Hacker News new | past | comments | ask | show | jobs | submit login
Larry Wall's Very Own Home Page (wall.org)
92 points by thunderbong 4 months ago | hide | past | favorite | 58 comments



It is a sad day indeed when the Perl link on Larry Wall's home page results in a 404.


It's been "a sad day" for over a decade.

Here's the last capture on archive.org[1]; there wasn't much there in the first place.

It looks like Larry had better things to do than maintaining that page (...or the page that links to it) :)

[1] https://web.archive.org/web/20100420032605/http://www.wall.o...


It says right at the beginning that site is under construction.


That was a fast 404 anyway.

I forgot how damn fast websites used to be.


> I hate my telephone.
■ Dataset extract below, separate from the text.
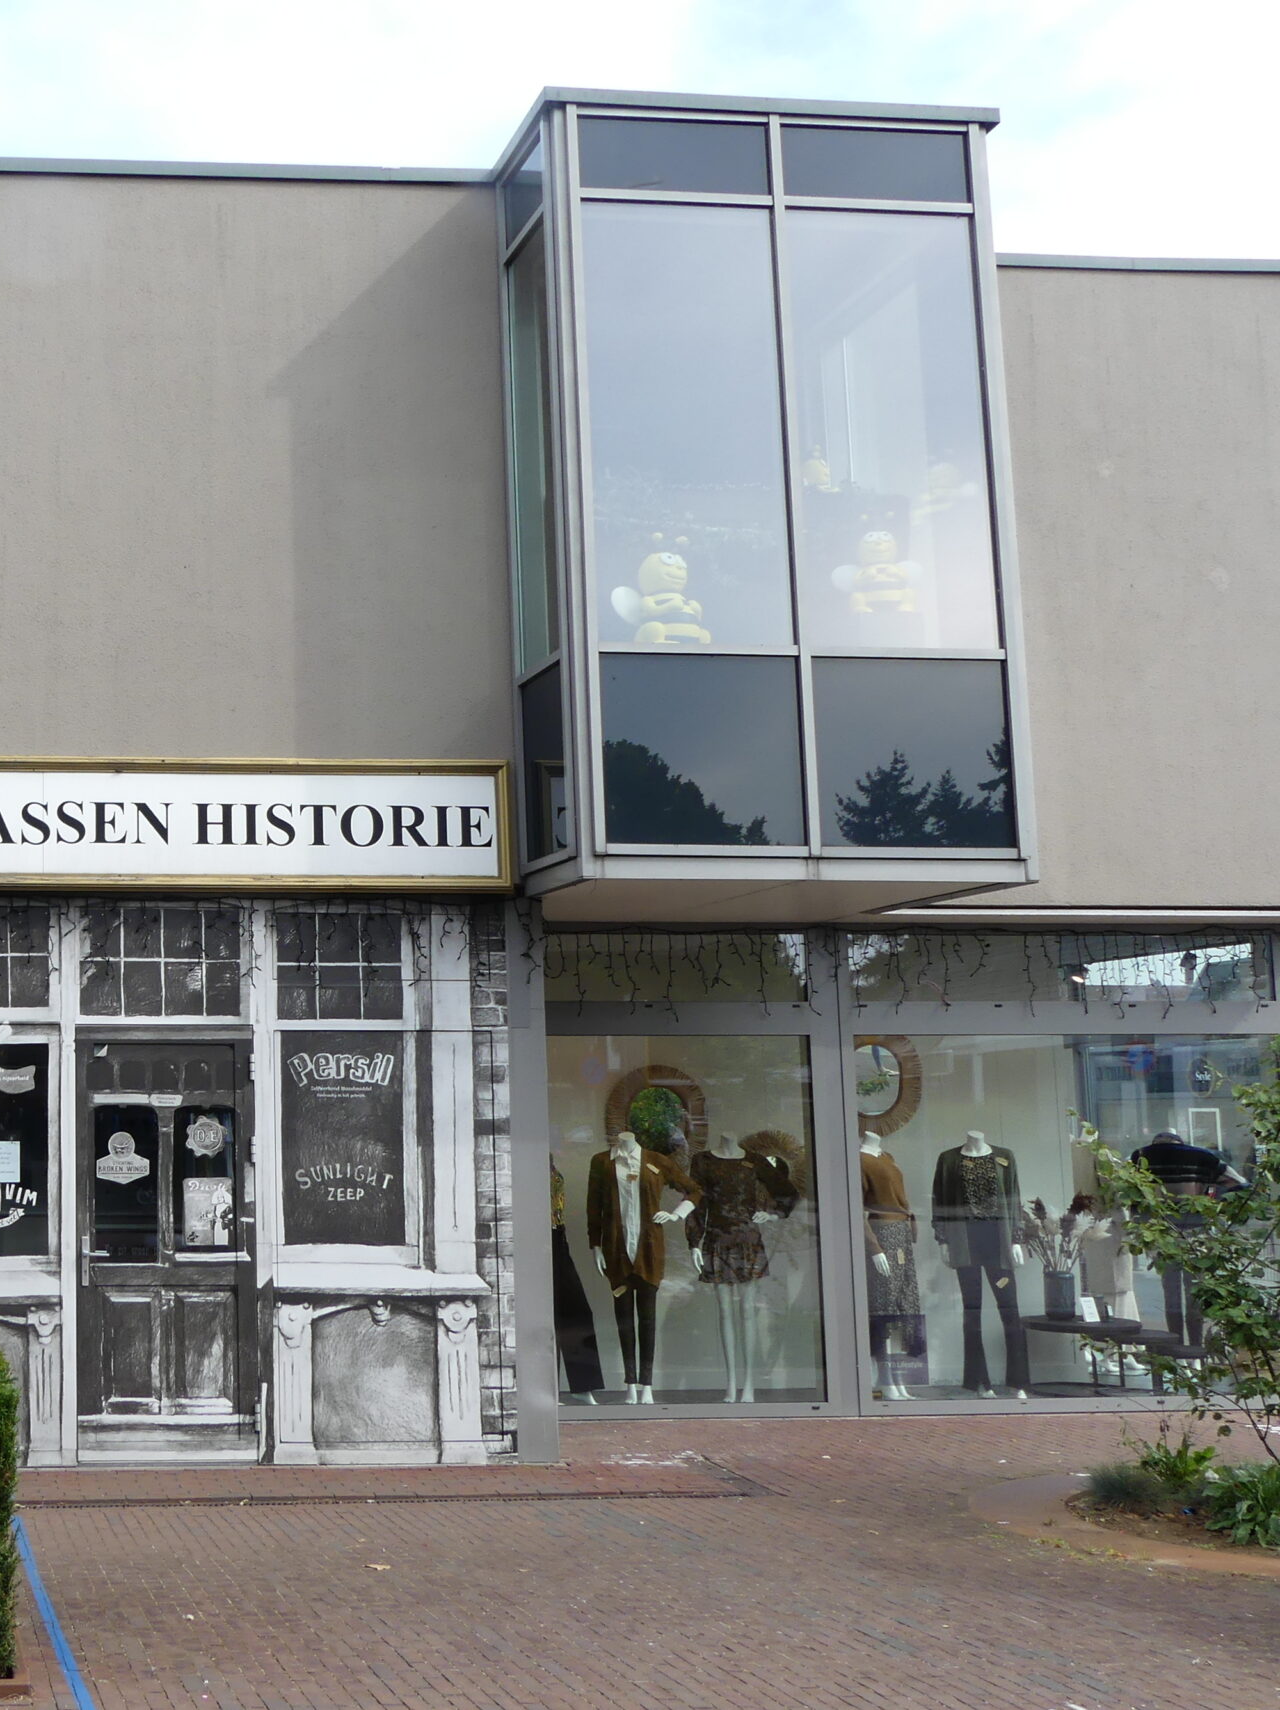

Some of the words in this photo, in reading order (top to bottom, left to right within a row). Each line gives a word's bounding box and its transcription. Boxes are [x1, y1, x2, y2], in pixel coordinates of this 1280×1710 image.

Please don't ask for my phone number.

I can relate...


It's... beautiful.

And doesn't chew up CPU nor makes me wait.


Looks just like Perl.


Is Perl chartreuse? I always imagined it to be a light blueish colour. Maybe cornflower blue, or dodger blue, or a light steel blue.


No! Perl is surely beige, like everything else in the 90s.


%7Elarry? Looks like an old trend ( https://jkorpela.fi/tilde.html ) that is no longer common.


It wasn't a "trend". It was Apache's way of automatically mapping a username to his home directory. I feel old.


My 90's ISP homepage URL makes more sense. inreach.net/~myusername

Actually, I miss when ISP's all came with some space for simple web hosting. It was a given that a lot of people would want to make their own sites, not just consume them.


  > It was a given that a lot of people would want to make their own sites, not just consume them.
I wouldn't say it was a given that a lot of people would want to host, but it was a given that people _could_ host.

Then Geocities came along and made the hosting easy, destroying the ISP-hosting market.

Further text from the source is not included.